Dawno się tak nie uśmiałem czytając opis filmu i oglądając zwiastun. Lubie fantastykę, ale to już przegięcie. Już dawno nie widziałem, by ktoś tyle dragów włożył w jakiś film. W sumie kilka dolarów to nie dużo, znacznie tańsze od dopalaczy, a efekt podobny... Cholera, spędziłem kilka lat temu kilka miesięcy w Arabii Saudyjskiej i wtedy myślałem, że oni sa walnięci, ale nawet oni by wyśmiali ten film. Trochę smutne, że po tysiącach lat rozwoju nauki ludzie wciąż wierzą w takie rzeczy.
Nie wierzysz, Twoja sprawa. "Nie przyszedłem Pana nawracać" jak pisał Ks. Twardowski. Ale jest jedna rzecz - KULTURA osobista. Tą, jak widać, nie grzeszysz. Przykre.

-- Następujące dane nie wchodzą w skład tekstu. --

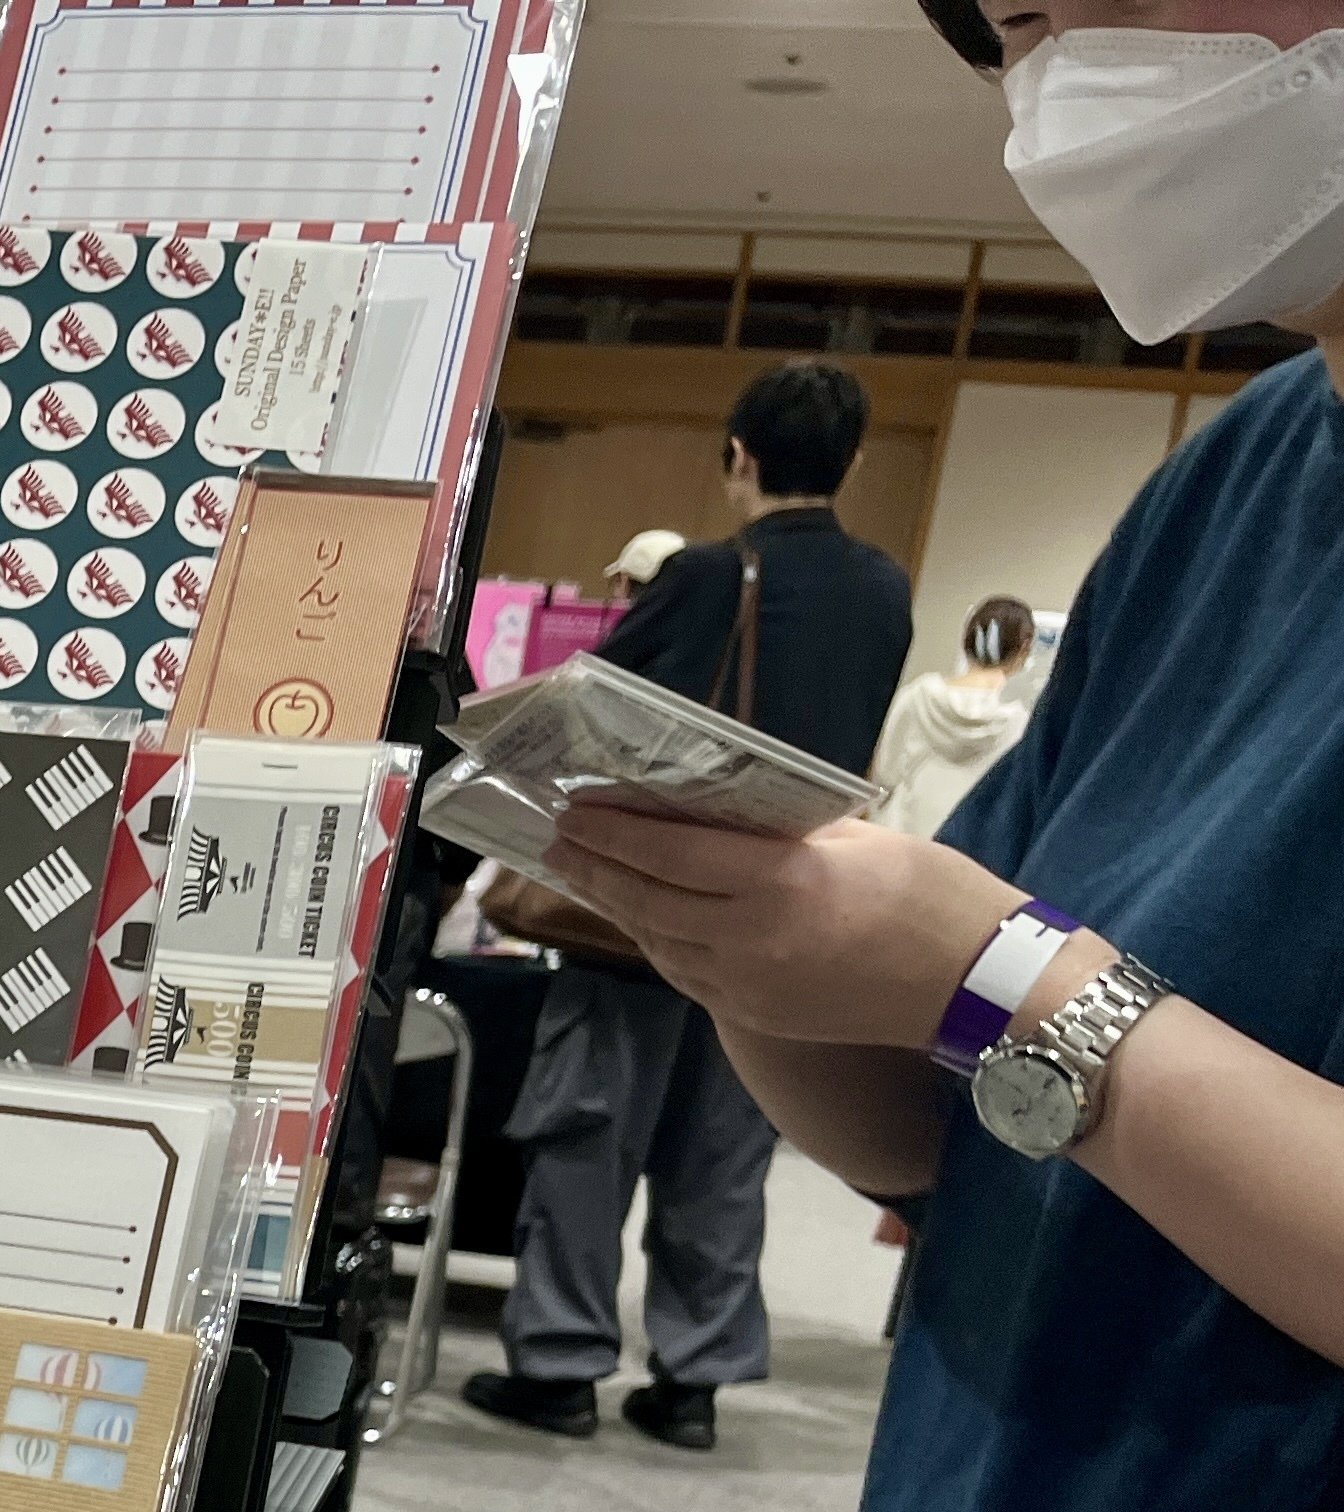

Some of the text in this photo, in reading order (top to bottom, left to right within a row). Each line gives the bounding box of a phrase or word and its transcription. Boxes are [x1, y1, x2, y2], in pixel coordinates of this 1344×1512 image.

Przesada z tą Arabią Saudyjską - tam mają już od dawna policję religijną, u nas ta formacja dopiero jest w powijakach. Ordo iuris jeszcze nie ma takich uprawnień jak tamtejsi stróże religijni - choć z równą siłą nienawidzą kobiet i odznaczają się skrajną nietolerancją. Co do filmu - plus za piękne plenery. Co do dramatyzmu - niestety zero, gdyż z góry było wiadomo, że powstanie potężny kompleks maryjny, na którym kler i miejscowi będą zarabiać przez długie lata.